What to do: Where a picture shows up in the listing below, omit it and output the rest exactly.
[[ Given data, beginning ]]
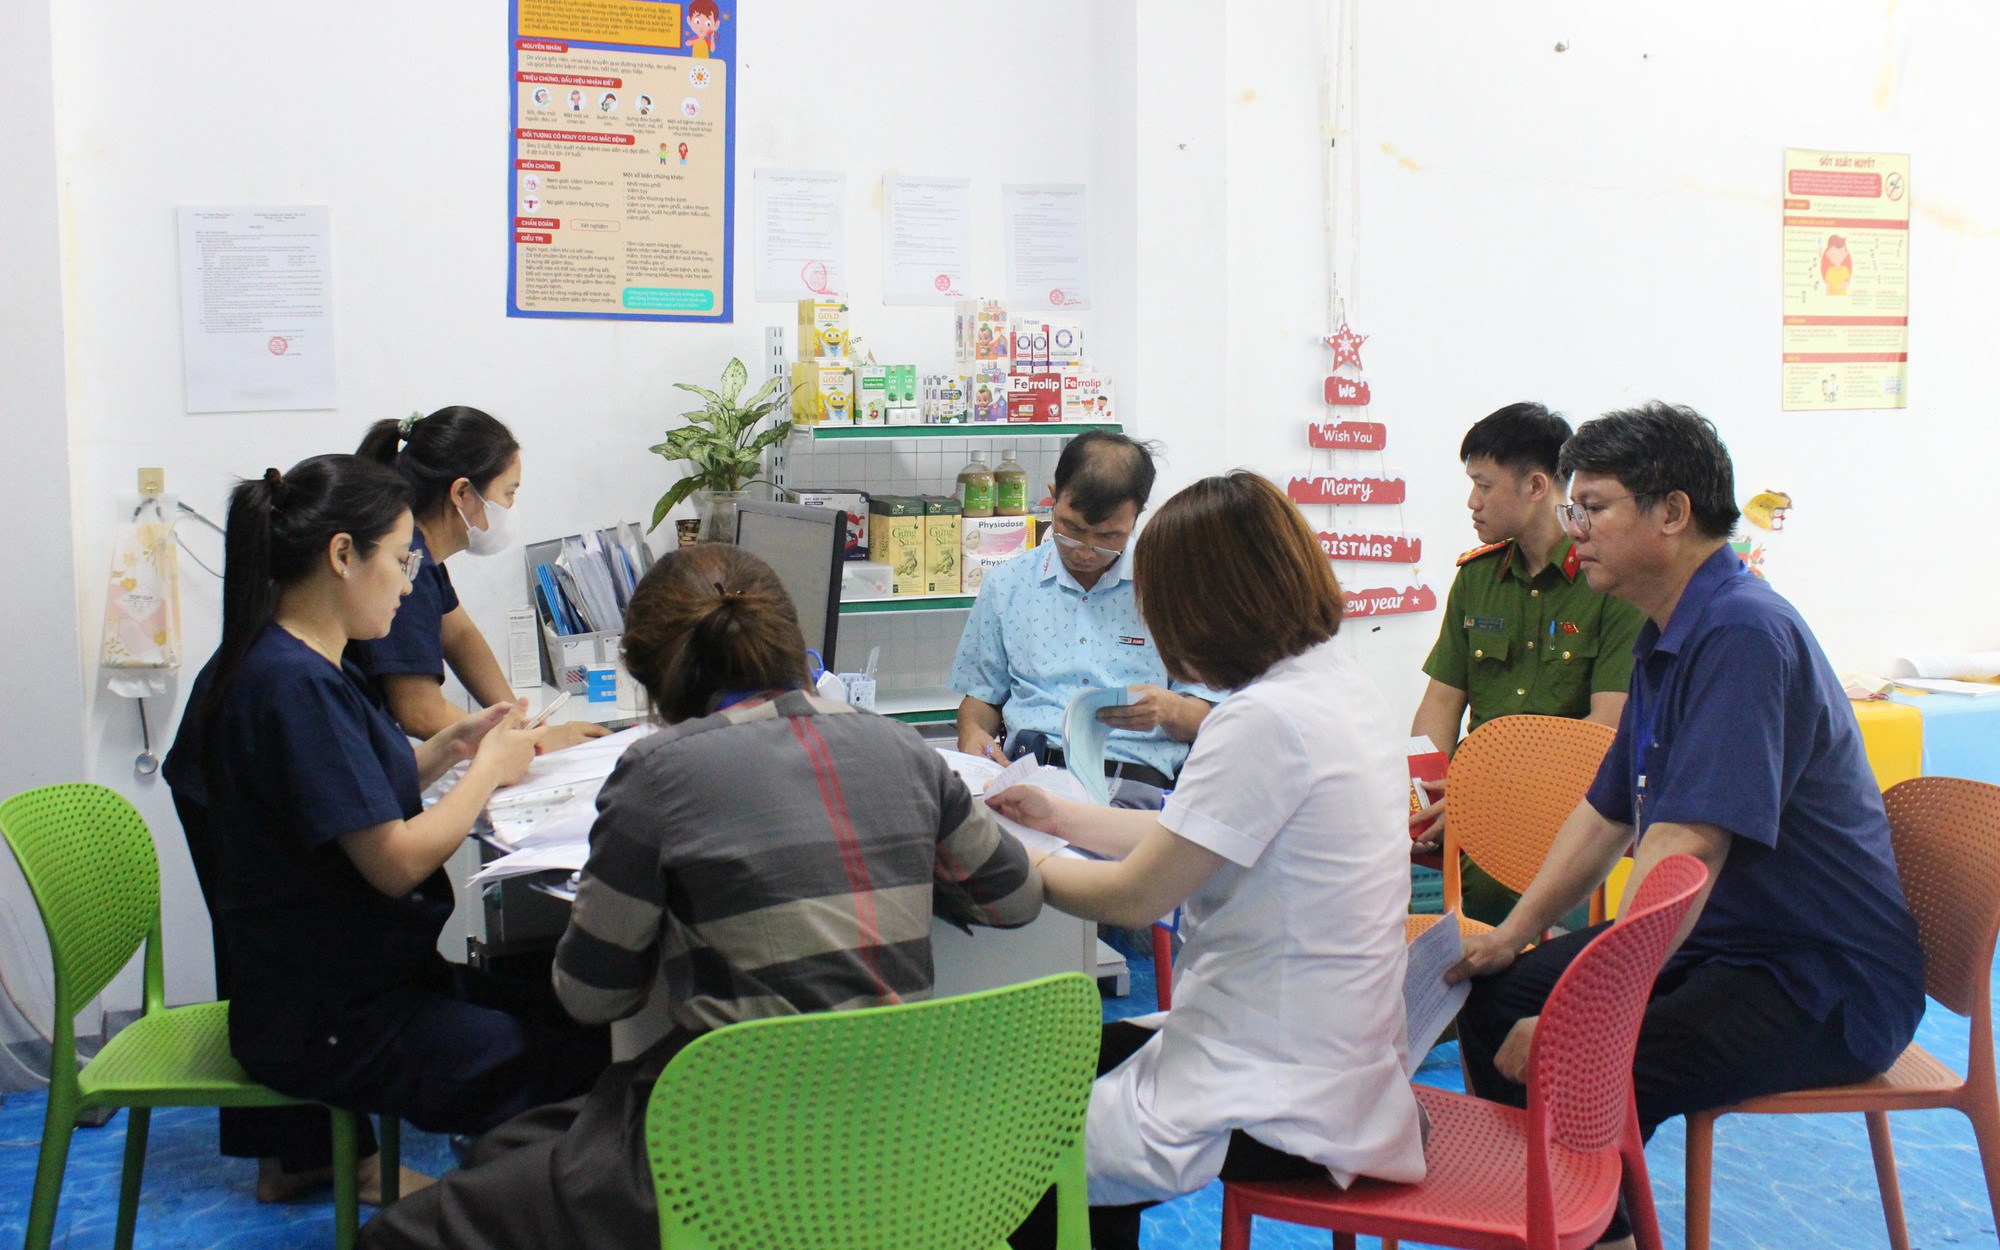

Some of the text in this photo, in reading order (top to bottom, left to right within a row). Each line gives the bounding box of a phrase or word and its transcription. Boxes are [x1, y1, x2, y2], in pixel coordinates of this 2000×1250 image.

[1014, 378, 1060, 391] Ferrolip
[1066, 378, 1102, 389] Ferrolip
[1338, 384, 1356, 398] We
[1324, 430, 1372, 443] Wish You
[1321, 478, 1373, 502] Merry
[978, 520, 1024, 530] Physiodose
[1319, 540, 1392, 557] RISTMAS
[1343, 596, 1404, 614] ew year
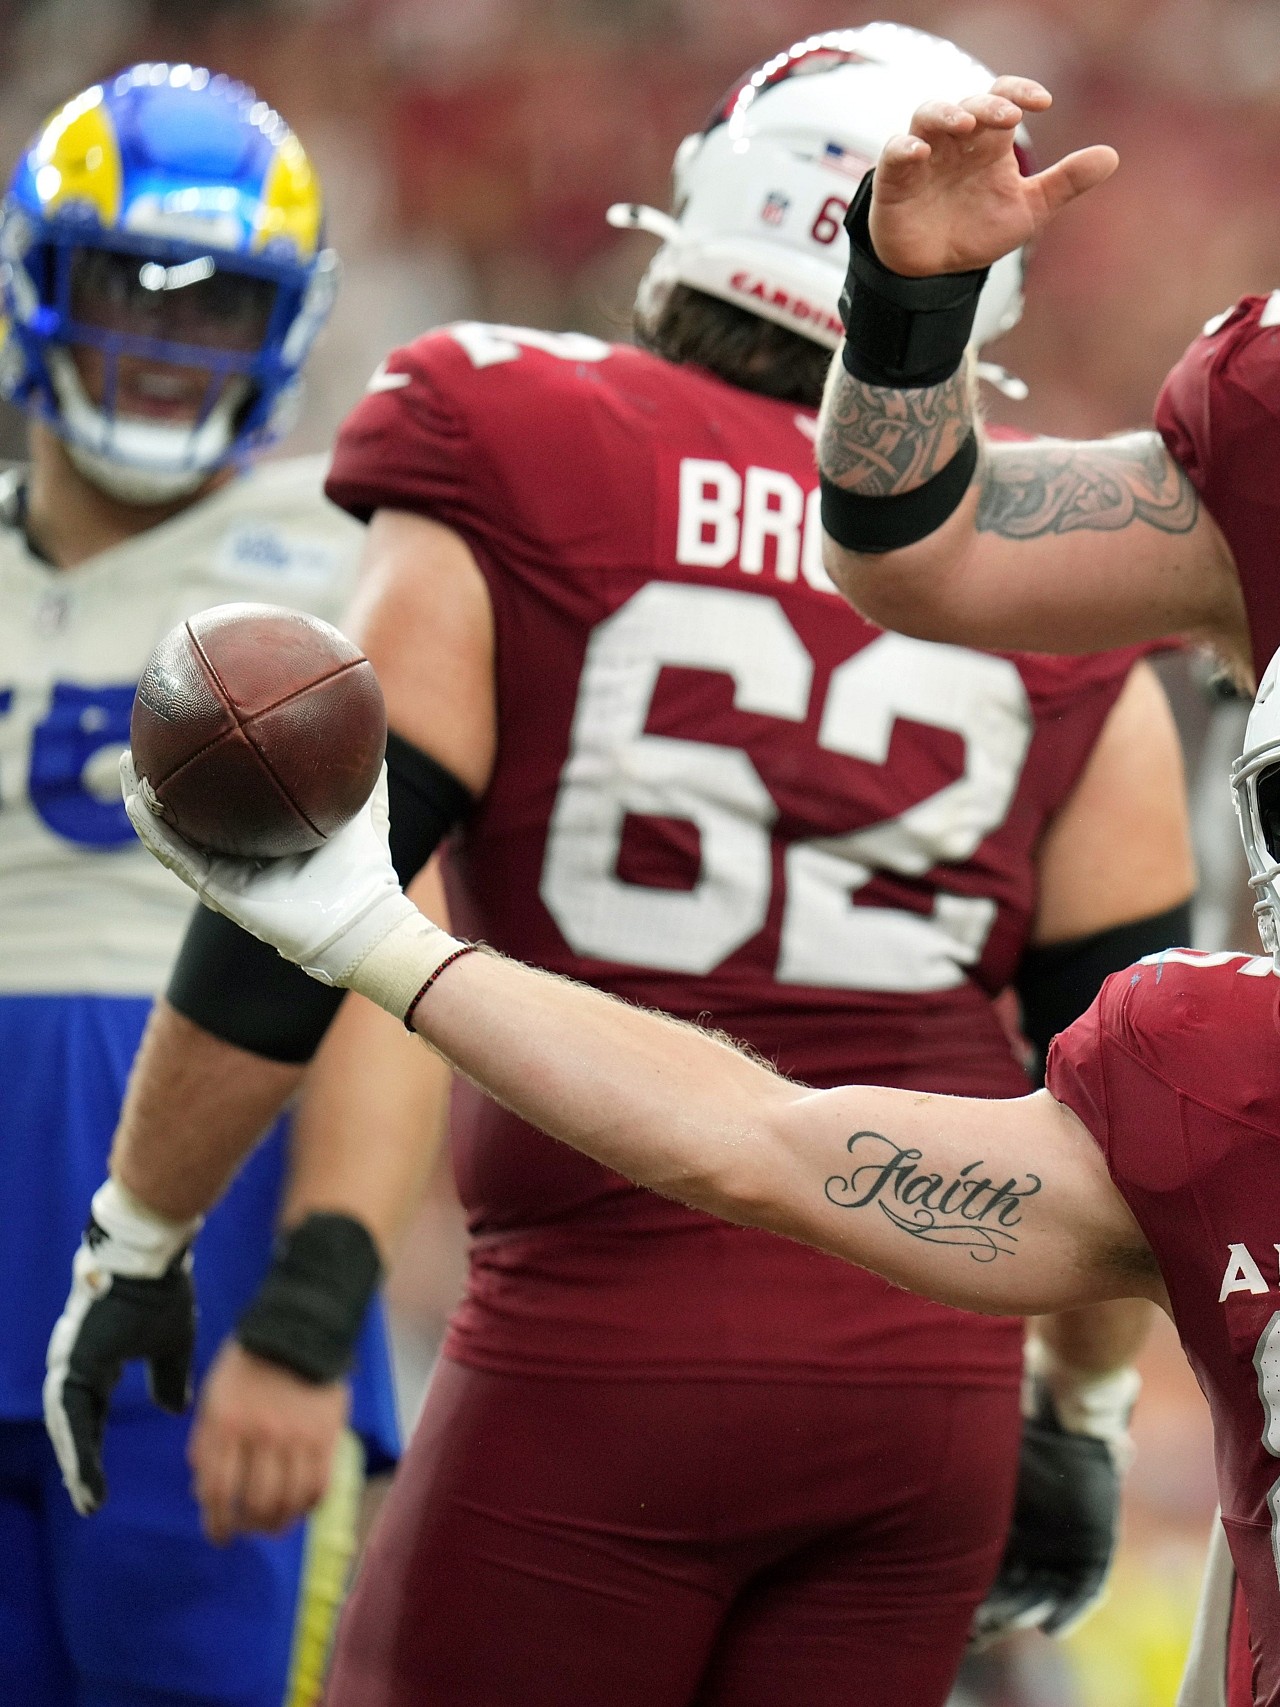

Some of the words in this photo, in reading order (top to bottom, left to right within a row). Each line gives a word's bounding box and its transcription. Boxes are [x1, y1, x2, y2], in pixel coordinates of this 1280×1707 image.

[811, 196, 850, 245] 6
[540, 580, 1034, 992] 62
[825, 1131, 1042, 1228] Faith
[[ Given data, end ]]
Your solution:
Some of the text in this photo, in reading order (top to bottom, left to right within a row). Each line gives the bounding box of a phrase or word and its transcription. Boxes are [x1, y1, x2, y2], in pixel coordinates of this 2000×1250 image.

[1014, 378, 1060, 391] Ferrolip
[1066, 378, 1102, 389] Ferrolip
[1338, 384, 1356, 398] We
[1324, 430, 1372, 443] Wish You
[1321, 478, 1373, 502] Merry
[978, 520, 1024, 530] Physiodose
[1319, 540, 1392, 557] RISTMAS
[1343, 596, 1404, 614] ew year

Some of the words in this photo, in reading order (top to bottom, left to right within a row). Each line gives a word's bounding box and its transcription. Boxes are [x1, y1, x2, y2], in pixel coordinates of this 1280×1707 image.

[811, 196, 850, 245] 6
[540, 580, 1034, 992] 62
[825, 1131, 1042, 1228] Faith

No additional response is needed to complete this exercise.